The highly homologous Cl- channels CLC-Ka and CLC-Kb are important for water and salt conservation in the kidney and for the production of endolymph in the inner ear. Mutations in CLC-Kb lead to Bartter's syndrome and mutations in the small CLC-K subunit barttin lead to Bartter's syndrome and deafness. Here we show that CLC-Ka is blocked by the recently identified blocker 2-(p-chlorophenoxy)-3-phenylpropionic acid of the rat channel CLC-K1 with an apparent KD∼80 μ M. We also found that DIDS (4,4′-diisothiocyanatostilbene-2,2′ -disulphonic acid), a generic Cl- channel blocker, inhibits CLC-Ka (KD∼90 μM). Surprisingly, the highly homologous channel CLC-Kb is fivefold to sixfold less sensitive to both compounds.
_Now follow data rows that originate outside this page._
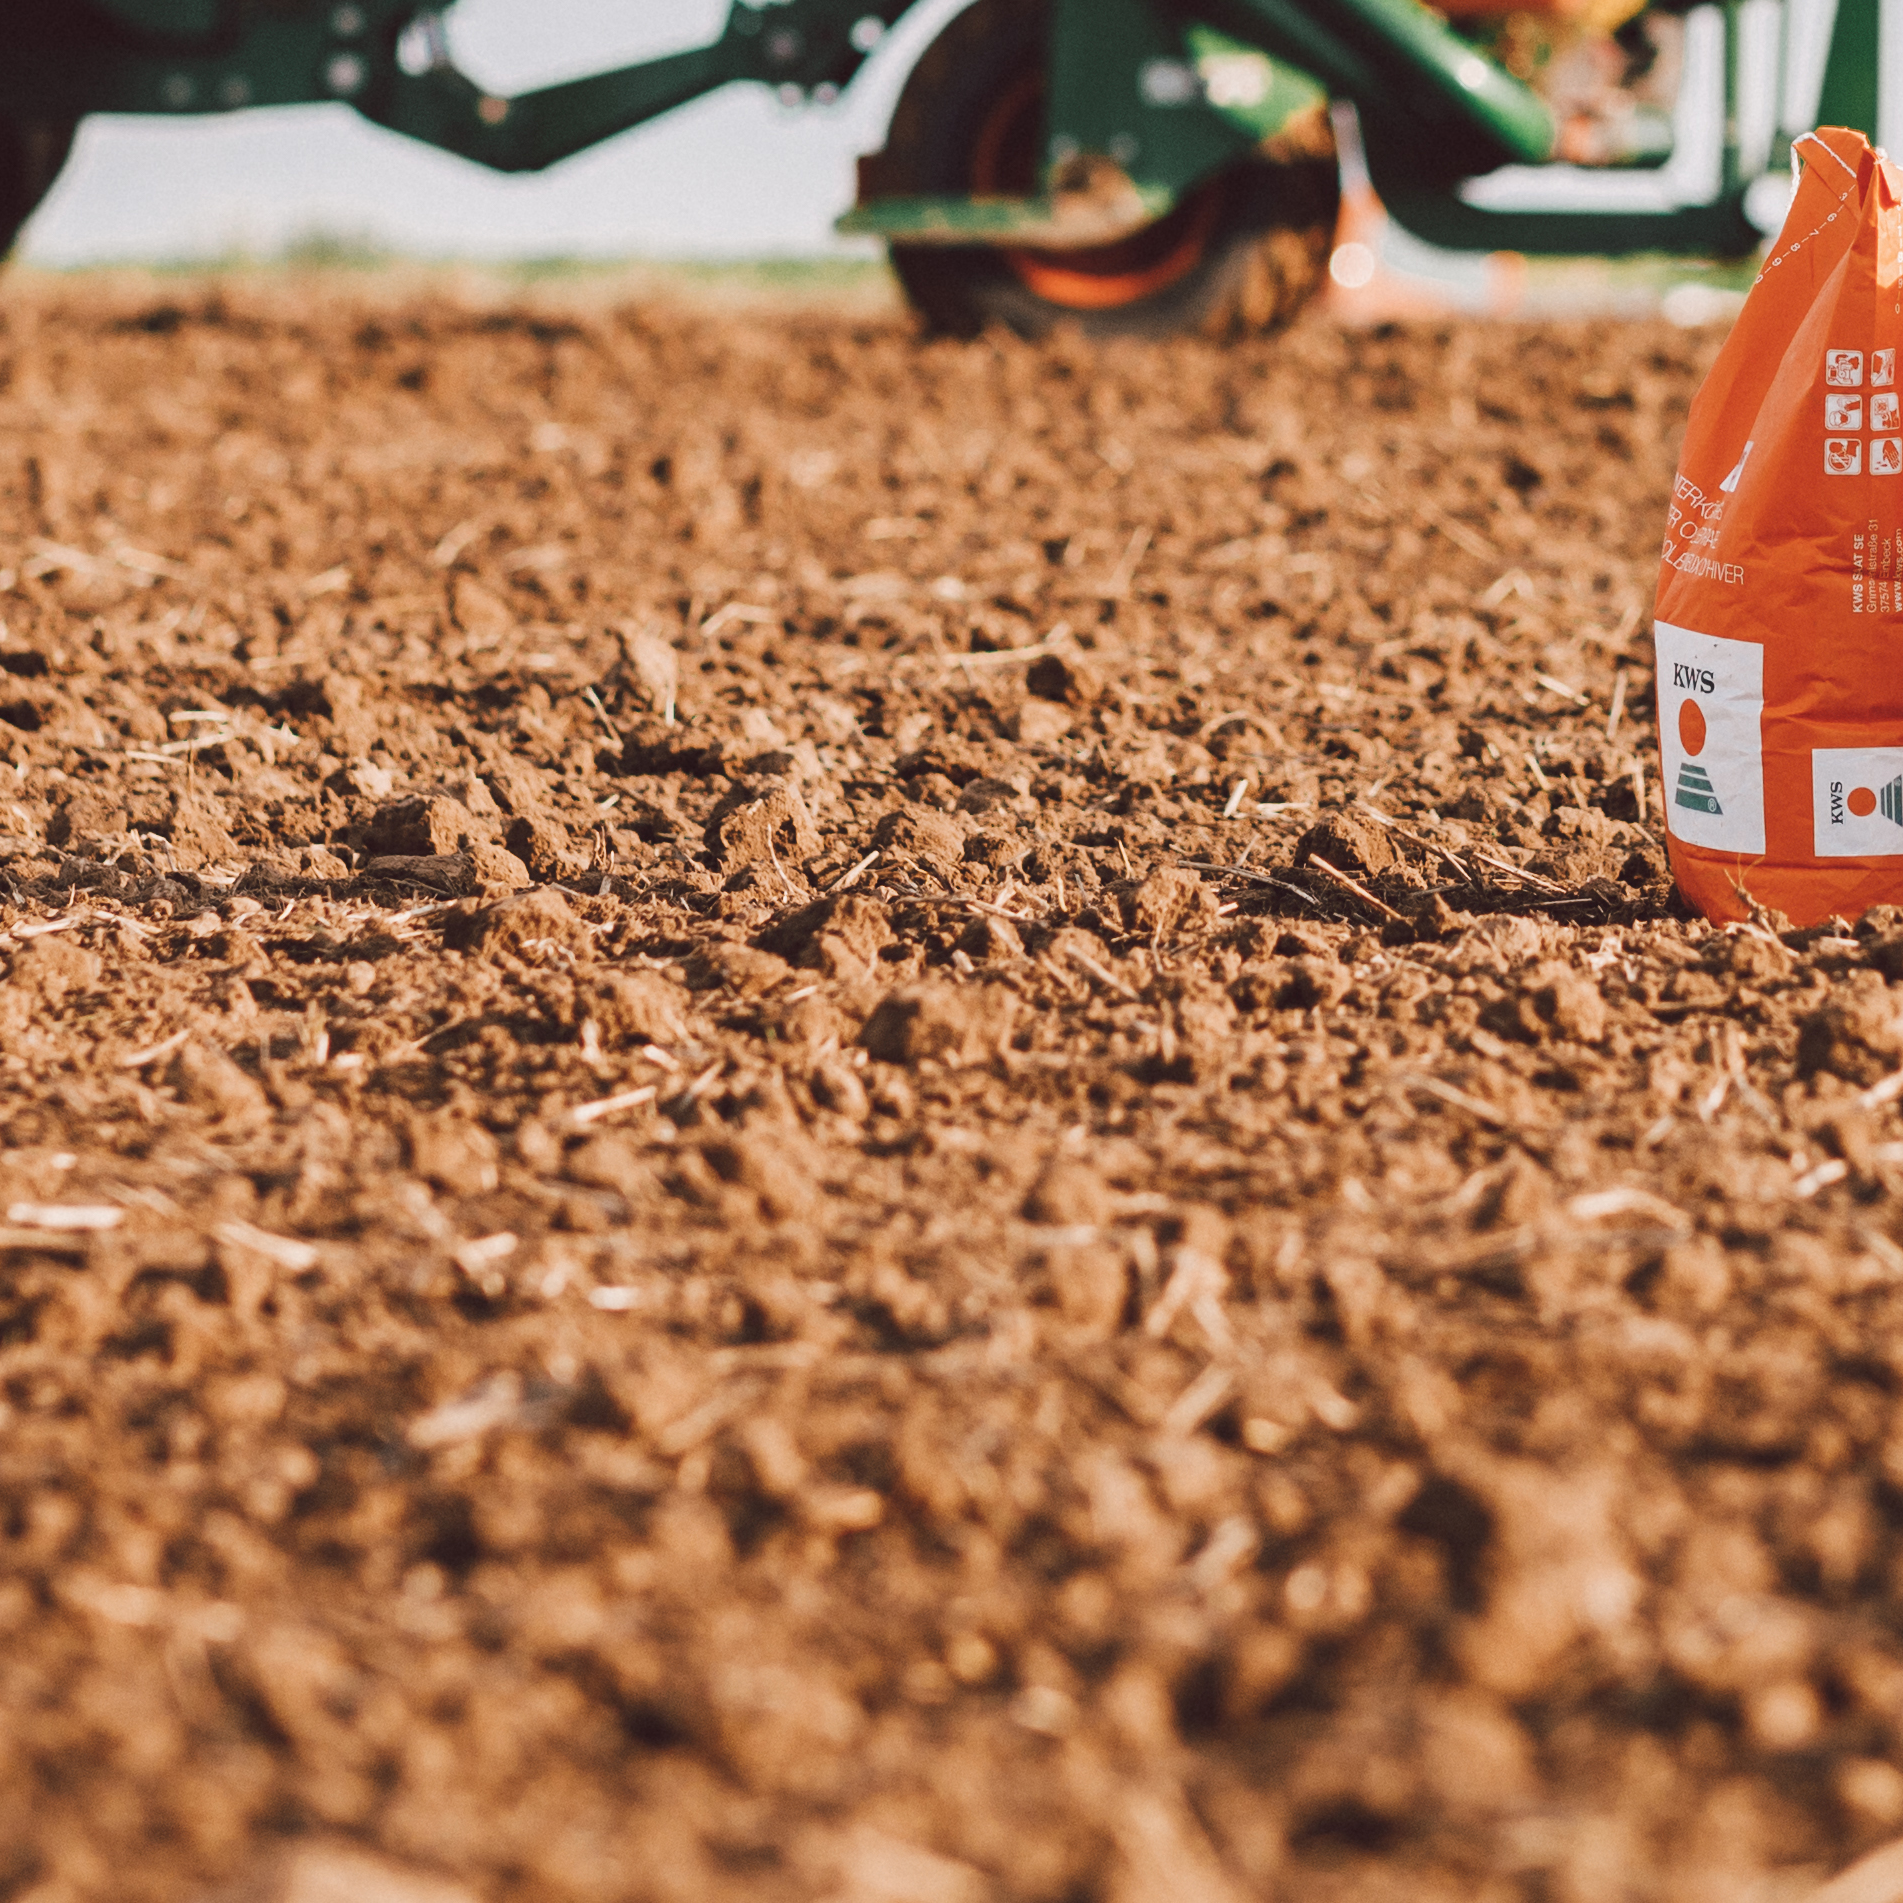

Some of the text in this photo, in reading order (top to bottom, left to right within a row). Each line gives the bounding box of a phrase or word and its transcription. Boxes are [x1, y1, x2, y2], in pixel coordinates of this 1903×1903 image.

[1868, 519, 1878, 531] 31
[1854, 534, 1864, 550] SE
[1894, 528, 1903, 613] www.kws.com
[1853, 583, 1864, 613] KWS
[1879, 581, 1890, 613] 37574
[1673, 662, 1715, 694] KWS
[1830, 781, 1844, 825] KWS
Guided by the crystal structure of bacterial CLC proteins, we identify two amino acids, N68/D68 and G72/E72, in CLC-Ka and CLC-Kb, respectively, that are responsible for the differential drug sensitivity. Both residues expose their side chains in the extracellular pore mouth, delineating the probable drug binding site. These novel CLC-K channel blockers are promising lead compounds for the development of new diuretic drugs. © 2004 EUROPEAN MOLECULAR BIOLOGY ORGANIZATION.